If that sort of technology actually existed and we had access to some sort of incredible power source to make it all work, it would change everything about the world. The scarcity principle that drives capitalist markets would radically shift or even collapse. It’s no wonder that Star Trek depicts a “post money” or “post scarcity” world, since it’s a logical effect of replicator technology.
Print the Future
While we don’t actually have anything resembling a Sci-Fi matter replicator, a revolution in manufacturing has been slowly gaining steam and 3D printers are at the vanguard of a radical future we can barely imagine. Nonetheless, I’ll try!
3D What Now?
3D printing is actually pretty much exactly what it sounds like. Think about how your paper printer can make basically any 2D image for you. You can print 100 or 1. You can make 100 that are slightly different or the same. The printer is a self-contained image maker.
A 3D printer does the same thing with 3D objects. You give it a digital plan of what the object should look like and it will make you one from a material like plastic. Although these machines are seriously primitive compared to a lot of current manufacturing technologies, the implications they come with are profound.
How it Works
There are different types of 3D printer, but in general the term refers to machines that perform “additive” manufacturing. This is in contrast to “subtractive” manufacturing. When Michelangelo made David by chipping unwanted marble from a single block, he was doing subtractive manufacturing. He was taking away material until only his desired product was left over. A 3D printer takes material and only adds the necessary stuff to make what you want. Generally this includes scaffolding and the actual object.
Instead of trying to explain it in words, here’s a video that shows a timelapse of a 3D printer in action.

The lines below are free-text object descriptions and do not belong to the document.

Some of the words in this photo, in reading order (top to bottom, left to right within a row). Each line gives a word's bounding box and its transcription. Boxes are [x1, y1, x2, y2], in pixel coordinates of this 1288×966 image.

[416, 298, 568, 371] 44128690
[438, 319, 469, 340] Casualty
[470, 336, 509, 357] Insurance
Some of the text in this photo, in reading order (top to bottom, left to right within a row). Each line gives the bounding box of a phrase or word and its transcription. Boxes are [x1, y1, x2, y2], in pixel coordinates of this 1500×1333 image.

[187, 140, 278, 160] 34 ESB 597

It’s pretty cool right? That’s actually just one design for a machine that 3D prints things, but it’s the sort of printer you can buy and keep on your desk today if you have the wallet for it.

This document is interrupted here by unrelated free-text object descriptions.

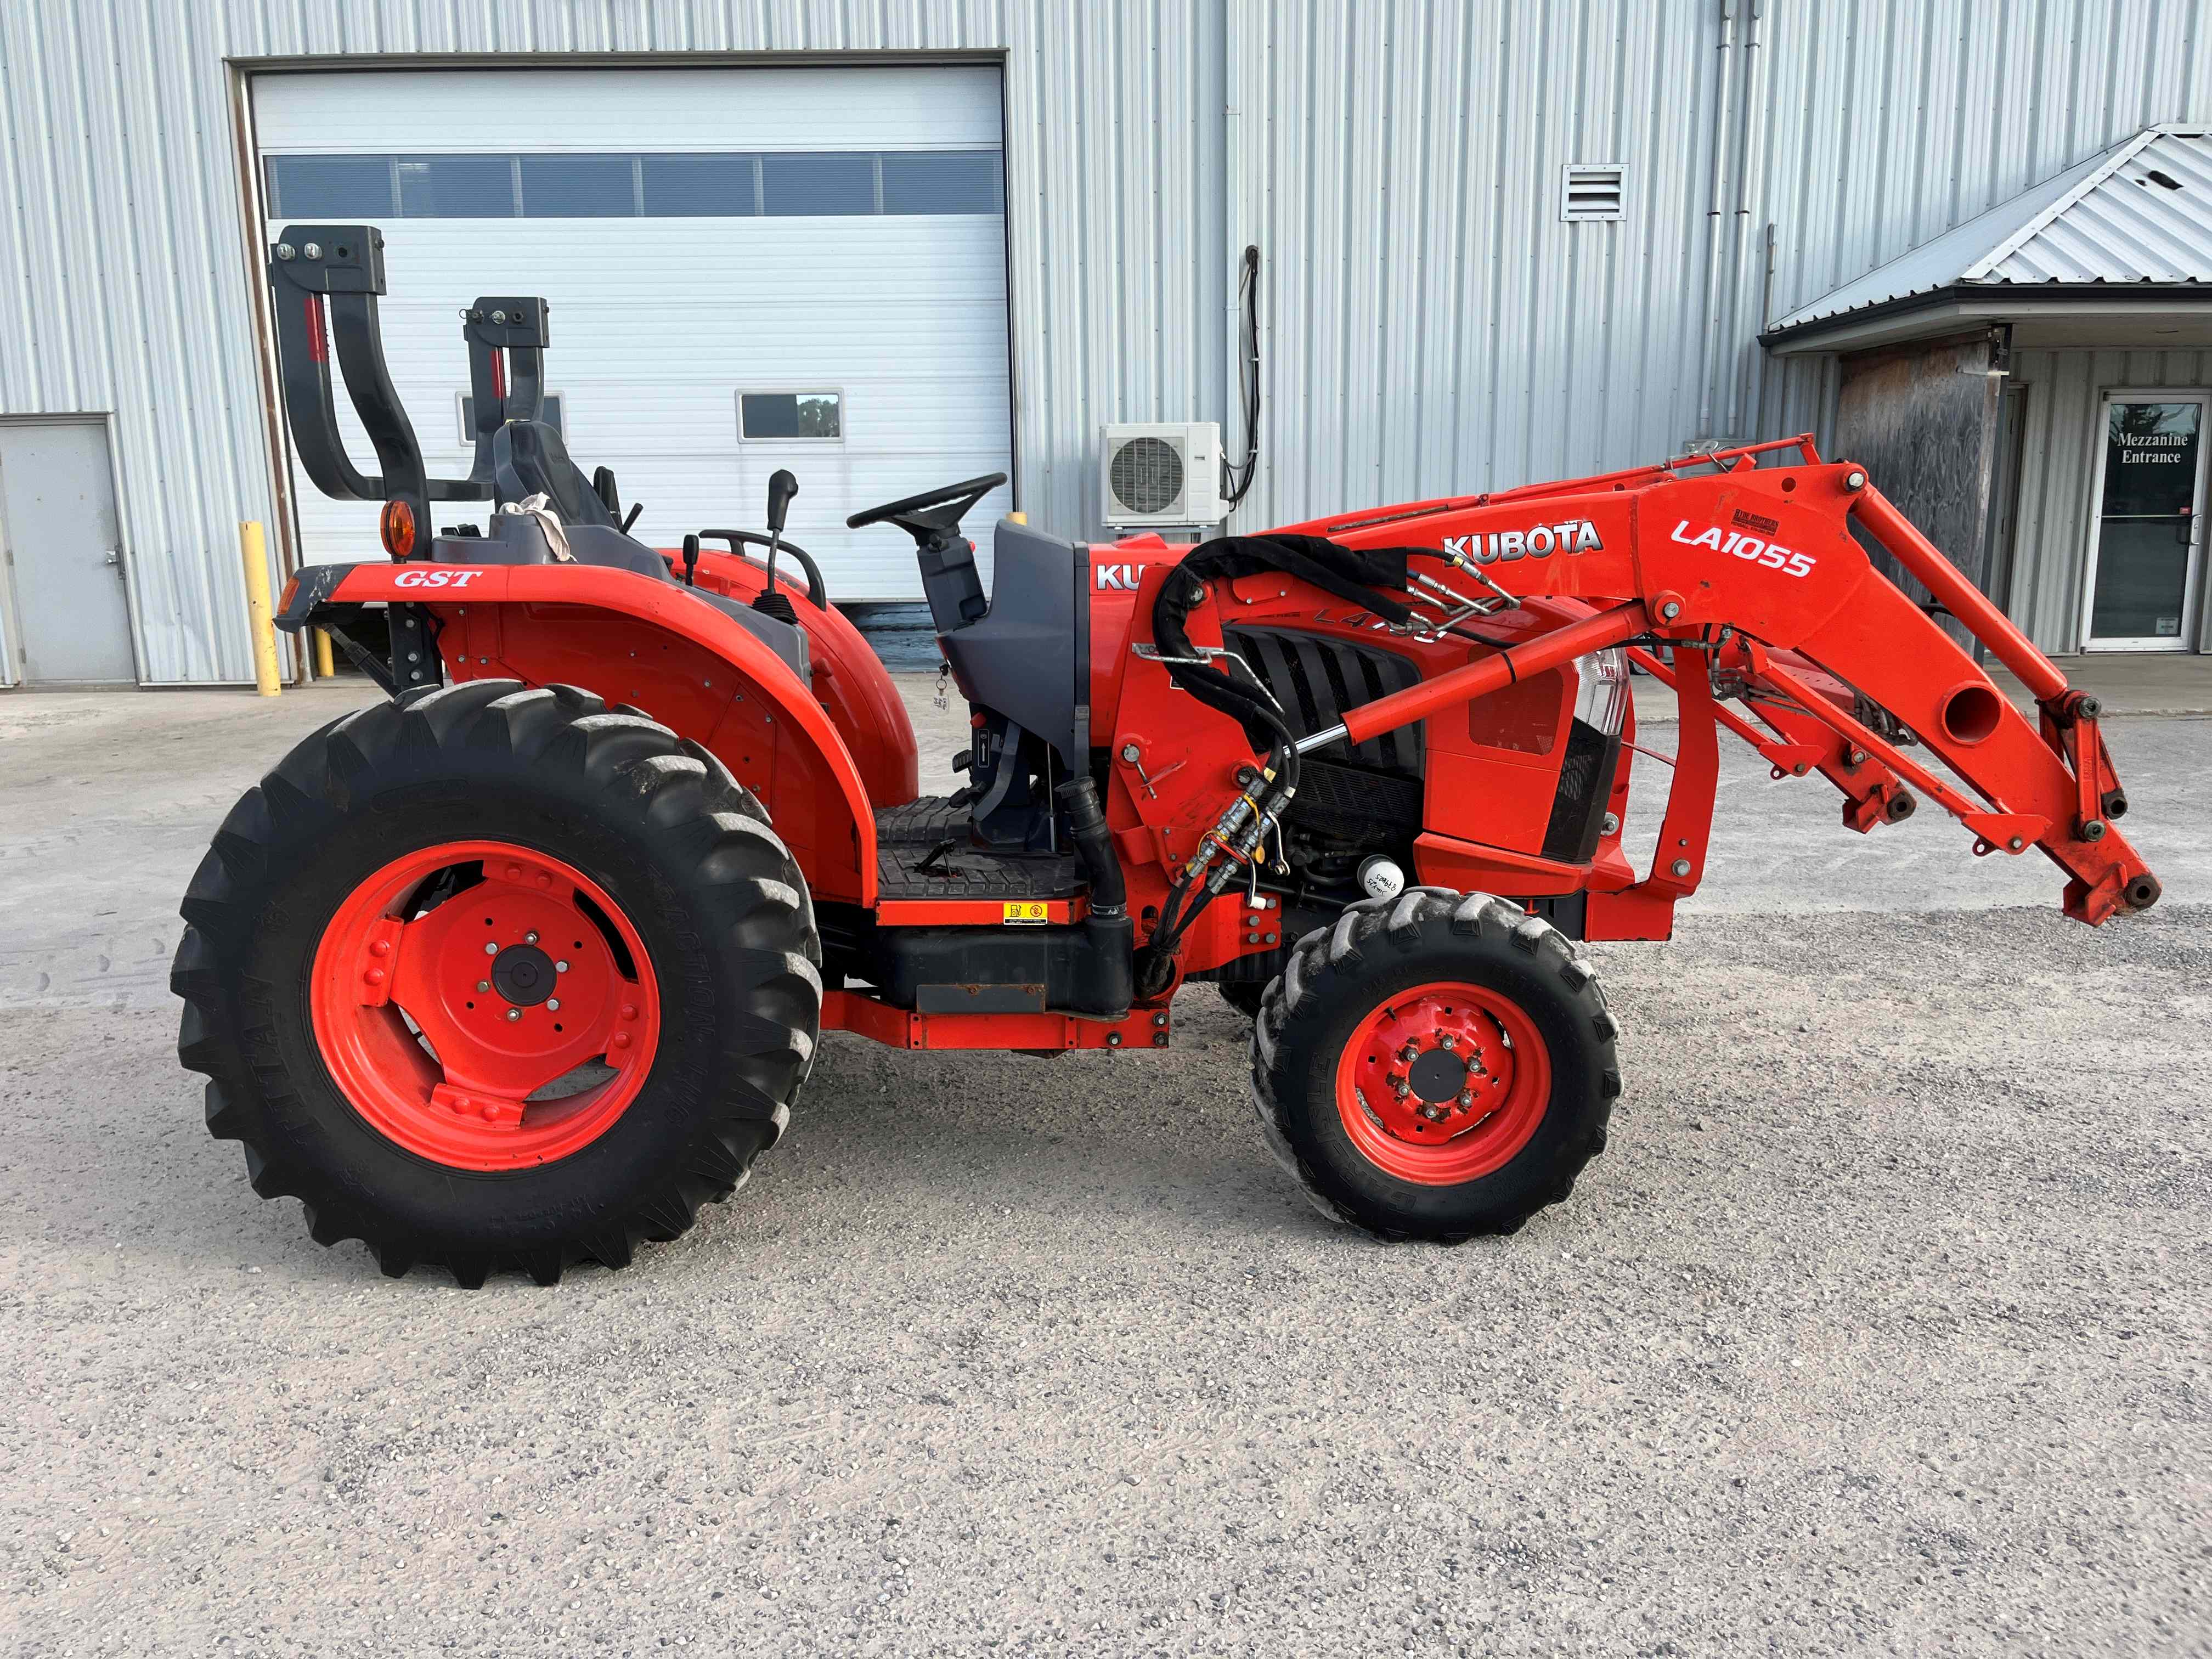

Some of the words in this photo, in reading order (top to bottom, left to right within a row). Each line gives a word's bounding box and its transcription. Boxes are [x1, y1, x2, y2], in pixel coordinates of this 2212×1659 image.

[2117, 432, 2188, 447] Mezzanine
[2121, 449, 2181, 464] Entrance
[1443, 520, 1604, 568] KUBOTA
[1671, 520, 1817, 578] LA1055
[394, 571, 483, 588] GST
[237, 967, 326, 1146] TITAN
[1306, 1052, 1417, 1215] CARLISLE

To really understand why 3D printers are such a big deal, we have to do a quick history lesson. Back in the day, before the industrial revolution, things were basically made by artisans using their hands or tools. If you wanted swords made for your army, each one needed a blacksmith to forge it. Since making stuff by hand in this way is slow and requires so much manpower, the products are invariably expensive.
That all changes with the introduction of mechanized mass-production. Using this method you can make millions of cars, toasters, and just about anything else at low cost and high quality. Mass-production is responsible for our way of life and the fact that almost anyone can afford luxuries that make life easier – from TVs to washing machines.

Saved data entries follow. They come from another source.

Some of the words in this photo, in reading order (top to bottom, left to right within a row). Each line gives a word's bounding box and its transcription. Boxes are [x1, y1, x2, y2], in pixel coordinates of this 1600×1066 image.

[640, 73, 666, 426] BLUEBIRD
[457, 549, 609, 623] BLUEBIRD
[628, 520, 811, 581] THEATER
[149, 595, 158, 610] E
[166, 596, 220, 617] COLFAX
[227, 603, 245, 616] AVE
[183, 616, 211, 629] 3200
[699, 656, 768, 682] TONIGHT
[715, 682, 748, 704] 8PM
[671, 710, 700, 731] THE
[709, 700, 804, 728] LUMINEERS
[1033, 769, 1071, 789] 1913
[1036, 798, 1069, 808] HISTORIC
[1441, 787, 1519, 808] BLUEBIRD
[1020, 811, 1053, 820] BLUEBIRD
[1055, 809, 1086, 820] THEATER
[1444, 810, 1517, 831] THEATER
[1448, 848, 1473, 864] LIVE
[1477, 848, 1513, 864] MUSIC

It’s not perfect however. There are many places where mass production doesn’t work. For example, when making prosthetic limbs. Since each person’s limb would have to be different, you can’t use a single mold. Creating a metal die to mass produce a part is incredibly expensive. It’s only worth it if the cost is split among the sale of thousands or millions of products. A 3D printer can make, for example, 10 artificial hands, with each being different, without changing the basic cost.
It’s an incredible milestone in the manufacturing world and the technology is rapidly being deployed all over; in so many places that we could never cover all of them in a short article like this one. So let’s look at some of the more amazing applications for which 3D printers are being used.
The Leg Bone’s Connected to the…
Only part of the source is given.